Flooding on Chicago’s Southwest Side is nothing new, but Ald. Marty Quinn was shocked by the damage last July’s storms caused.
The July 25 deluge dumped 3.25 inches of rain on Midway Airport in one day, with some areas of the city receiving 5 to 6 inches. The downpour quickly overwhelmed the city’s sewer system, and even the regional network of deep tunnels and reservoirs couldn’t keep up.
“All along 59th Street, the power of the water was popping off manhole covers in the middle of the street,” the 13th Ward alderman said. The flooding even dislodged two sewer covers over deep shafts that were so big it took a city crew with a backhoe to reset them. “I’ve never seen anything like it.”
More than 4,200 Chicago residents called 311 to report basement floods. When the sewers filled, water mixed with raw sewage and the toxic mixture backed up into people’s homes, destroying floors, walls and appliances and leaving behind mold, foundation damage and destroyed vehicles. Many had to leave their homes or stay home from work. Most lacked insurance to cover the costs, officials later said.
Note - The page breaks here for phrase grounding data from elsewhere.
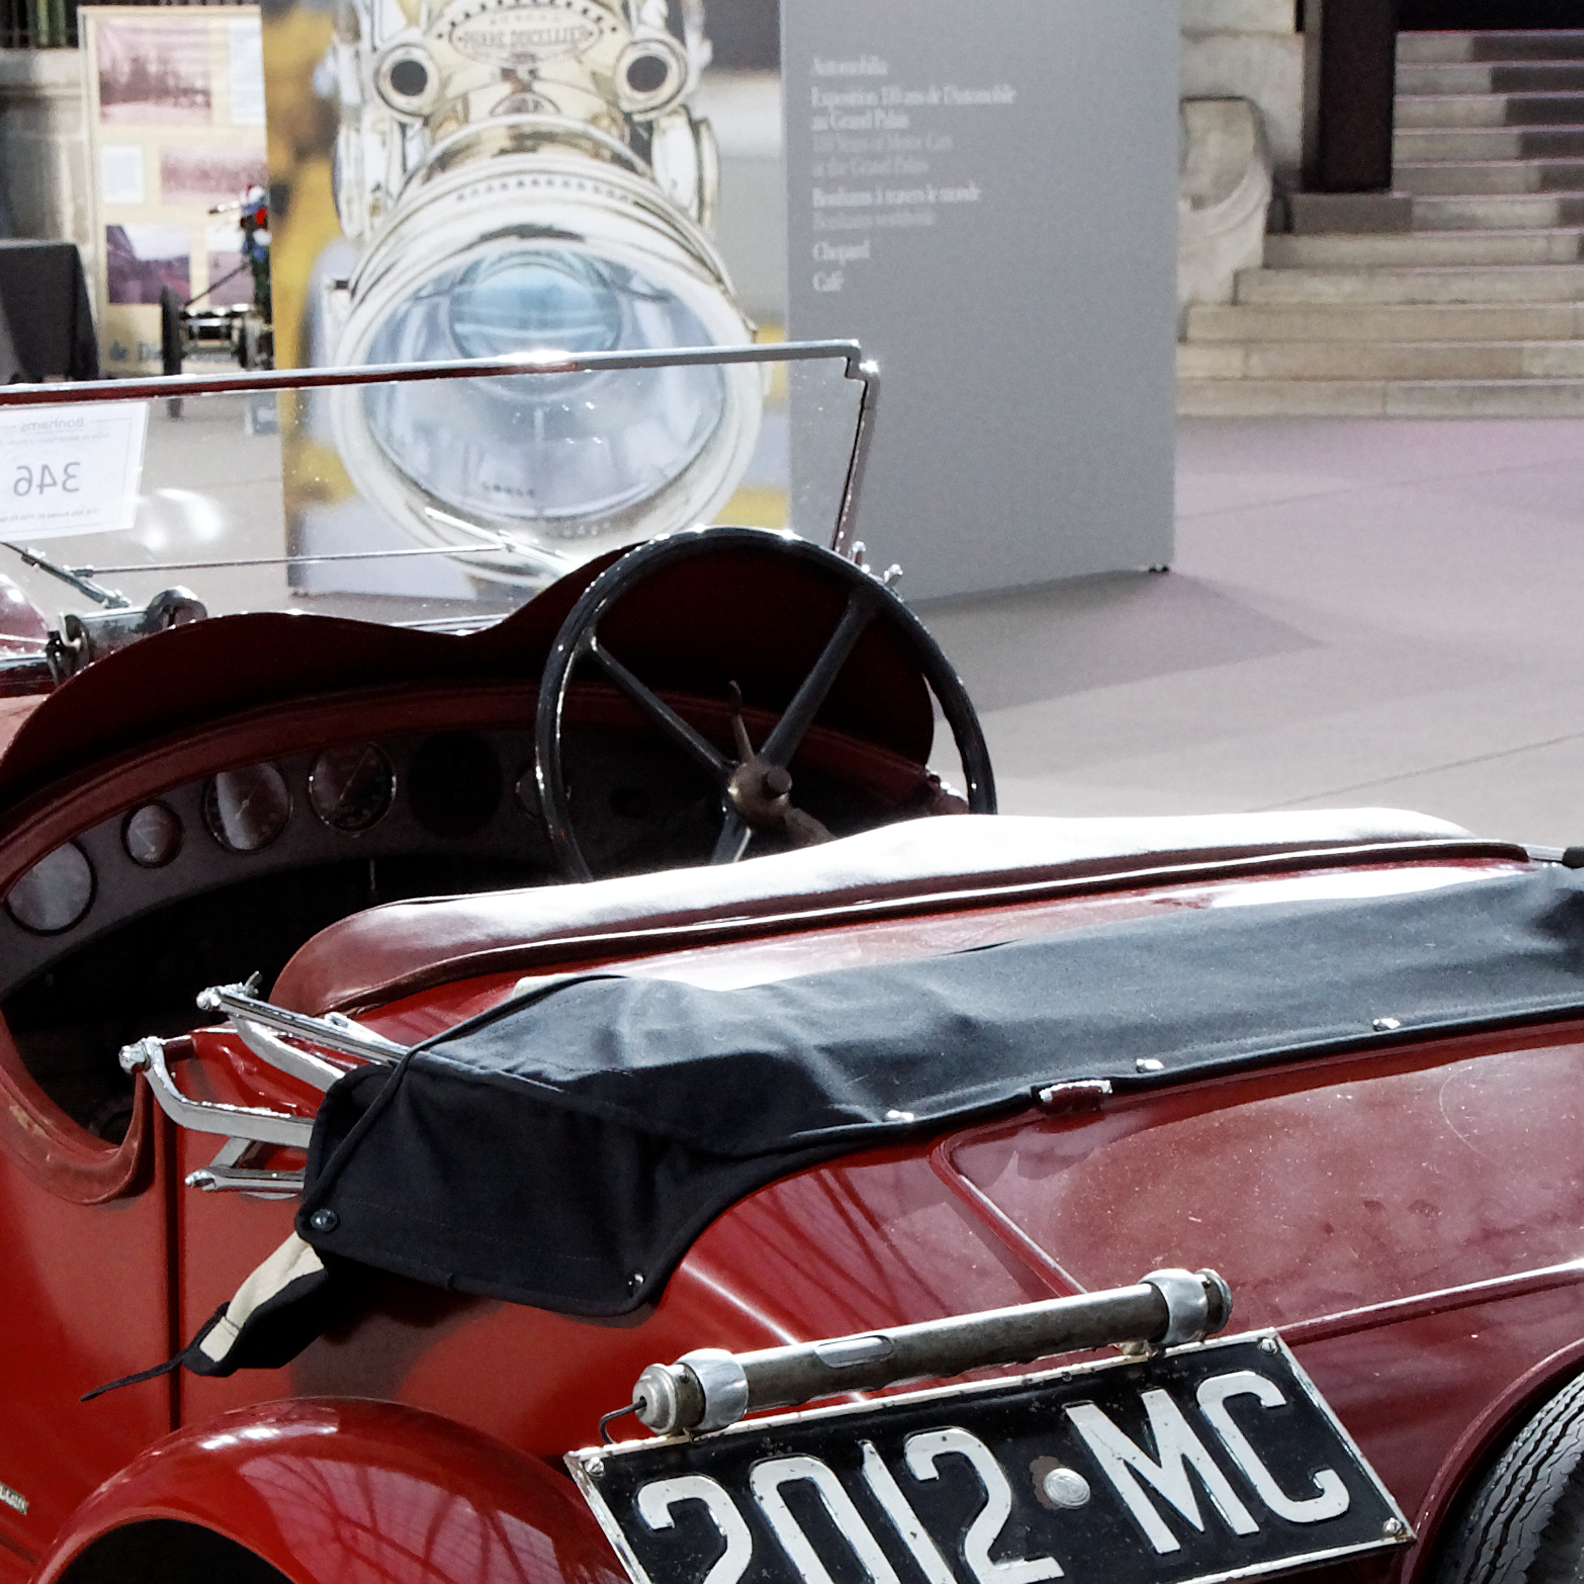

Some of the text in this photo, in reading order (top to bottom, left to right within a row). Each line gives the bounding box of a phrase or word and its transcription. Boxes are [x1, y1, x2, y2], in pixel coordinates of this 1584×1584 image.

[830, 109, 872, 131] Grand
[874, 109, 910, 130] Palais
[1063, 1369, 1352, 1555] MC
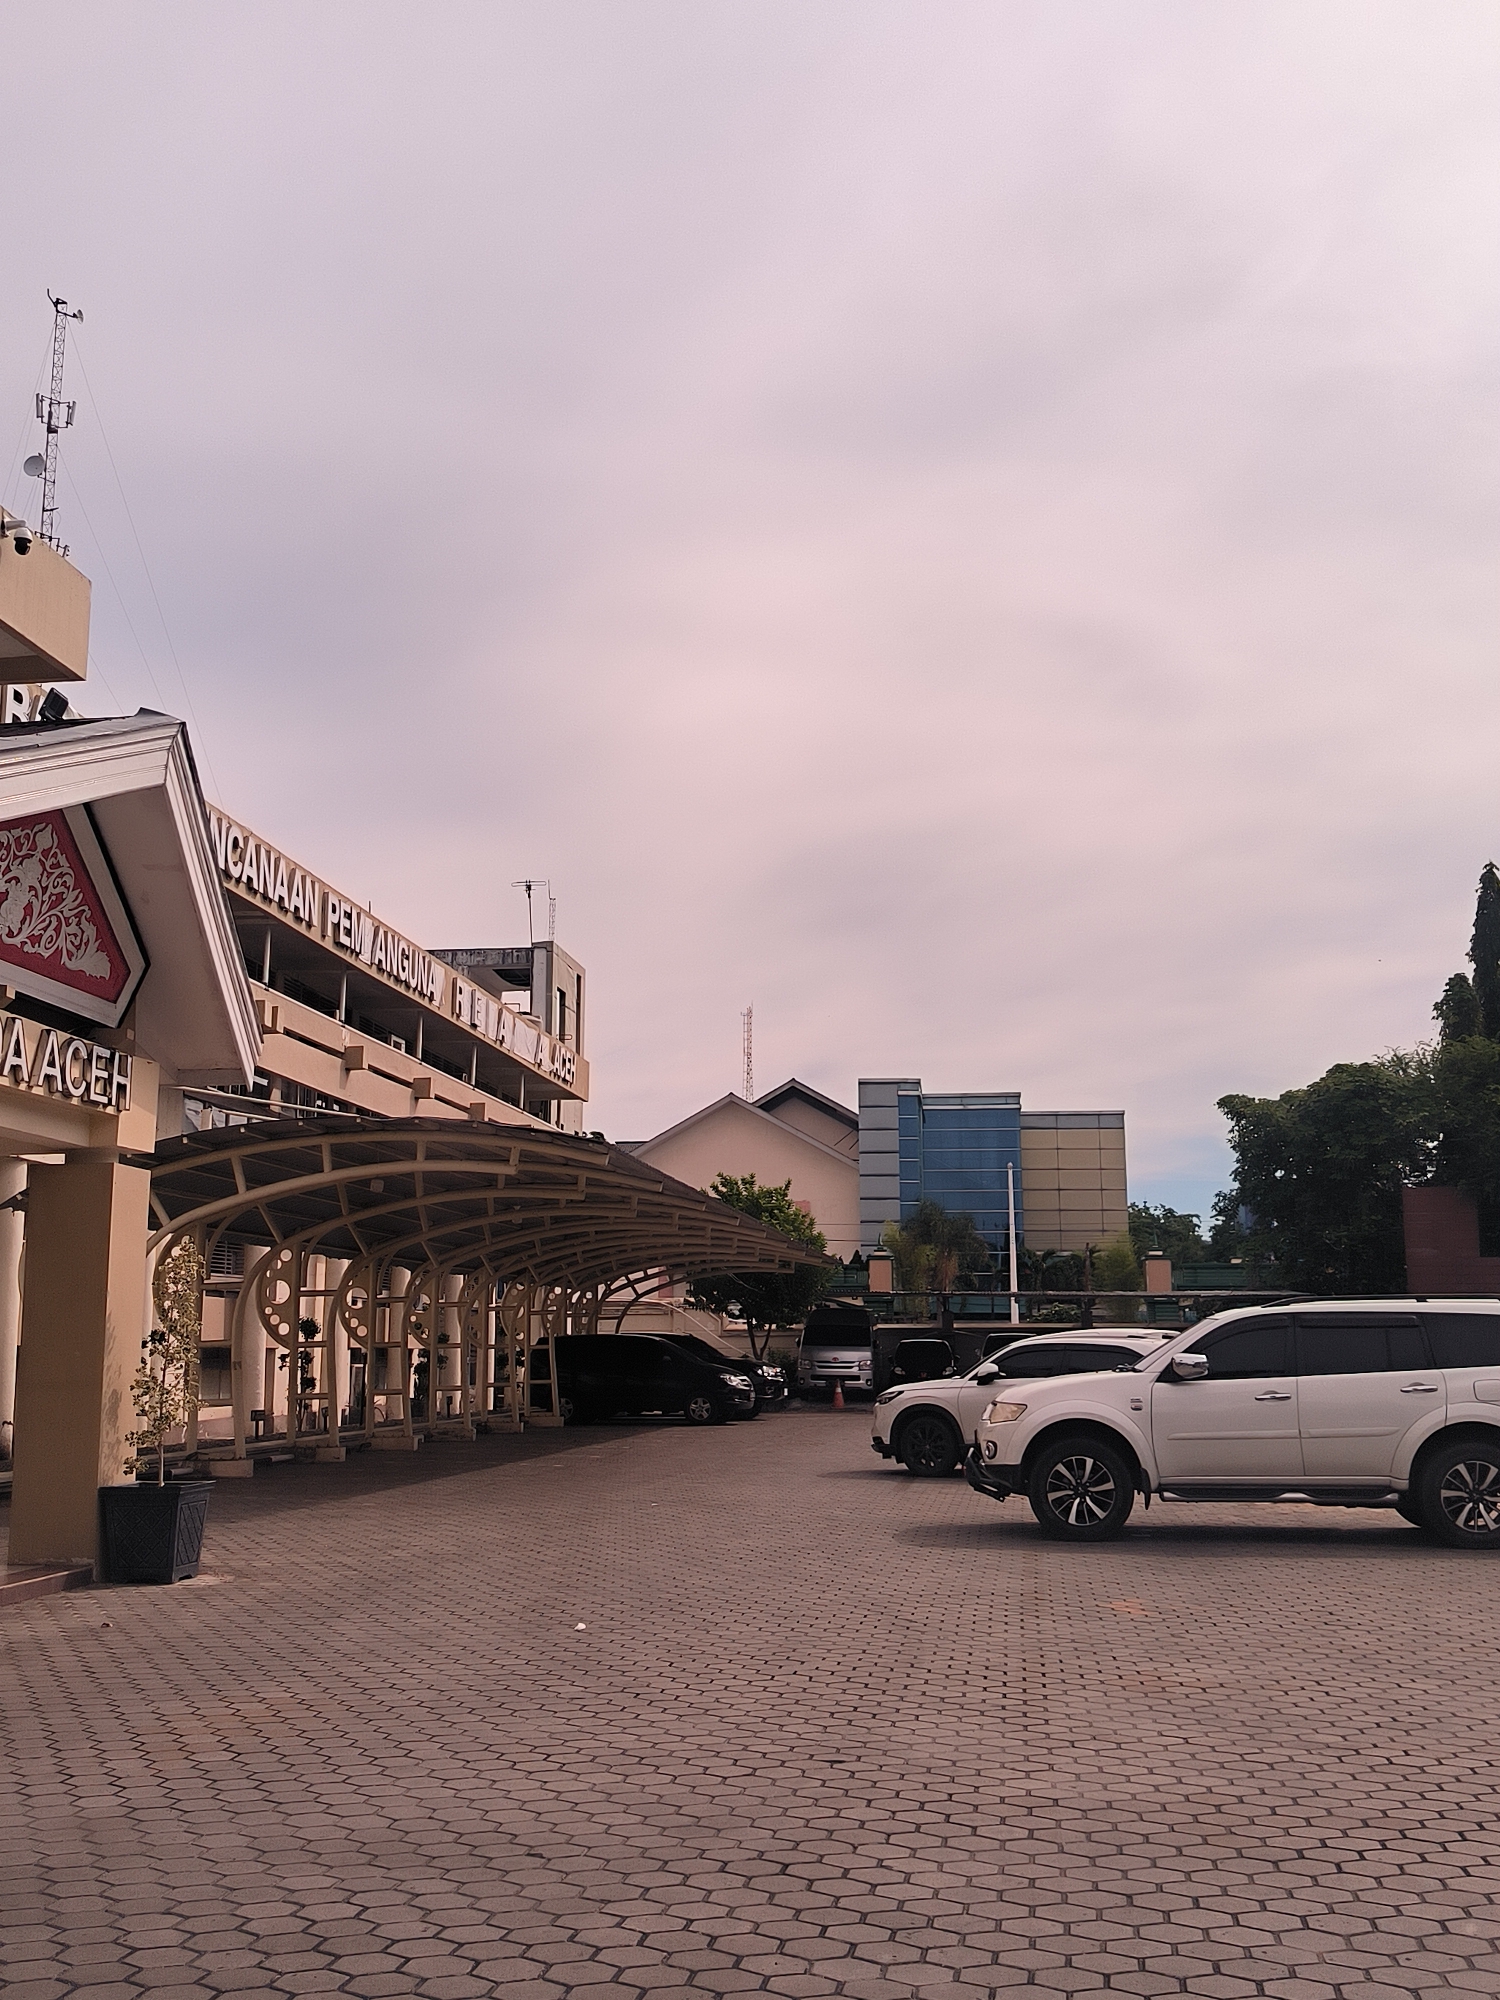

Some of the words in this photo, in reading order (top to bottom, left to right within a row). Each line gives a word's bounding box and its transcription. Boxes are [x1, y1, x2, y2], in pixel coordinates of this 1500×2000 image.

[206, 809, 319, 927] NCANAAN
[328, 891, 445, 1008] PEMANGUNA
[553, 1043, 577, 1084] ACEH
[0, 1018, 29, 1081] A
[38, 1031, 132, 1110] ACEH
The storms hit the south suburbs and broader Illinois hard, too, with state officials tallying nearly 5,000 structures affected. The state of Illinois put the average household damage at $16,784 and asked Washington for federal disaster relief.
But President Donald Trump said no.
In fact, on the same day, Trump said no twice, denying Illinois’ request for the July storms and rejecting a second request for August storms that hit many of the same areas and caused even greater damage.
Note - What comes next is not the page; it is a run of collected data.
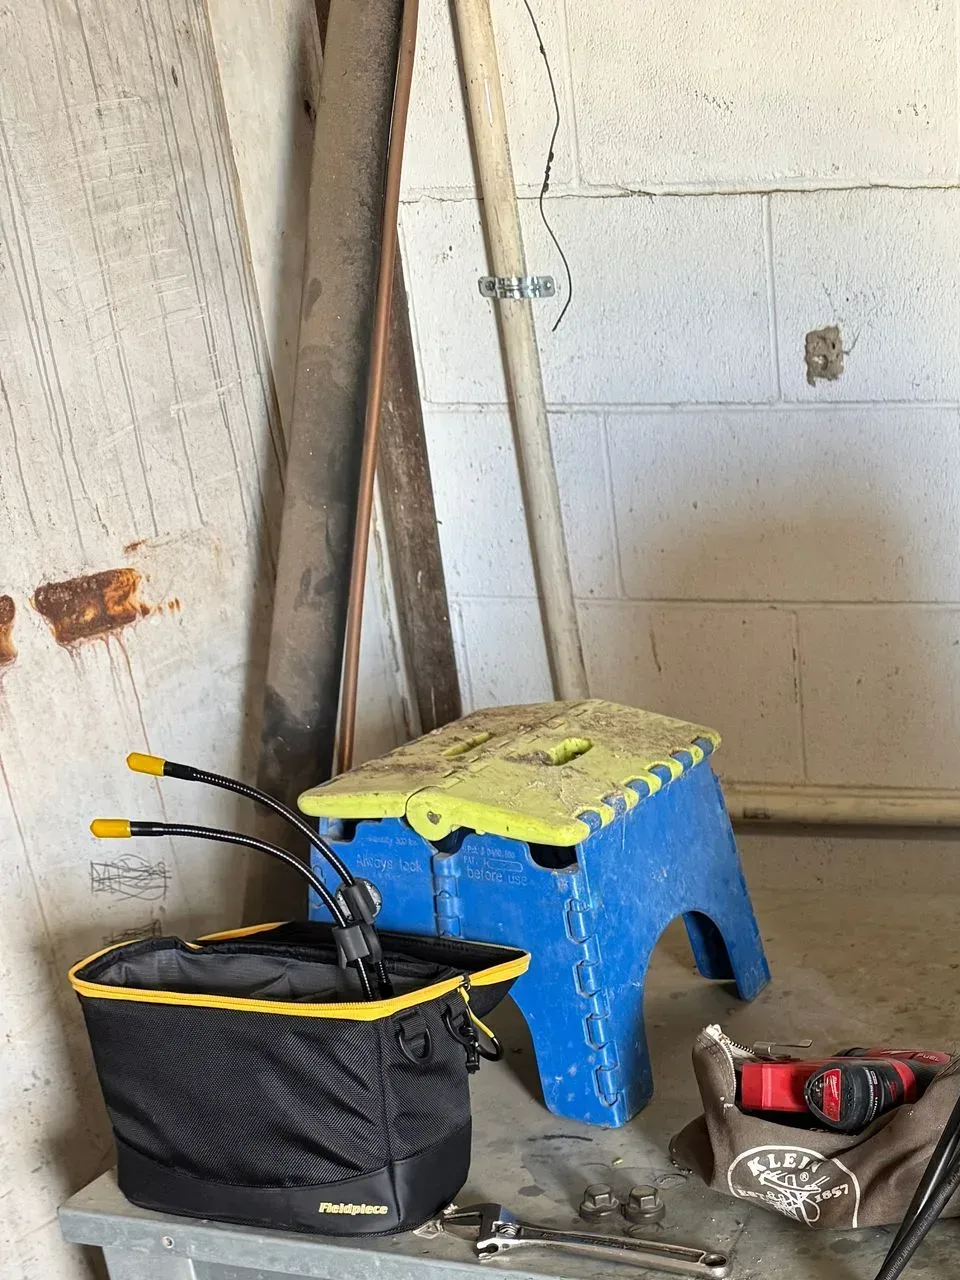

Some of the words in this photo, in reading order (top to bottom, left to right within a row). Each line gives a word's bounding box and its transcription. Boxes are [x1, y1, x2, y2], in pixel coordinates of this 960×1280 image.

[356, 853, 394, 872] Always
[400, 857, 424, 873] look
[466, 865, 503, 883] before
[507, 873, 528, 887] use
[815, 1184, 852, 1205] 1857
[318, 1202, 388, 1215] Fieldpiece
Now, following a week in which high winds and rain again battered the Chicago area, another storm season is underway. Trump’s rejections cast a long shadow — not just over Illinois but over the entire federal disaster-response system — which critics say the president has bent to serve political ends.
“The federal government’s decision was devastating,” Quinn said. “We’ve been targeted on many fronts by the current president of the United States. … We just continue to plow forward on behalf of the residents. We can’t get caught up with that on the local level.”
The skepticism isn’t limited to Chicago. When a tornado tore through the Kankakee area in March, damaging about 500 structures, including schools, a courthouse and a medical center, Gov. JB Pritzker chose not to pursue a presidential disaster declaration, even though he had previously signaled his intention to seek “federal resources.”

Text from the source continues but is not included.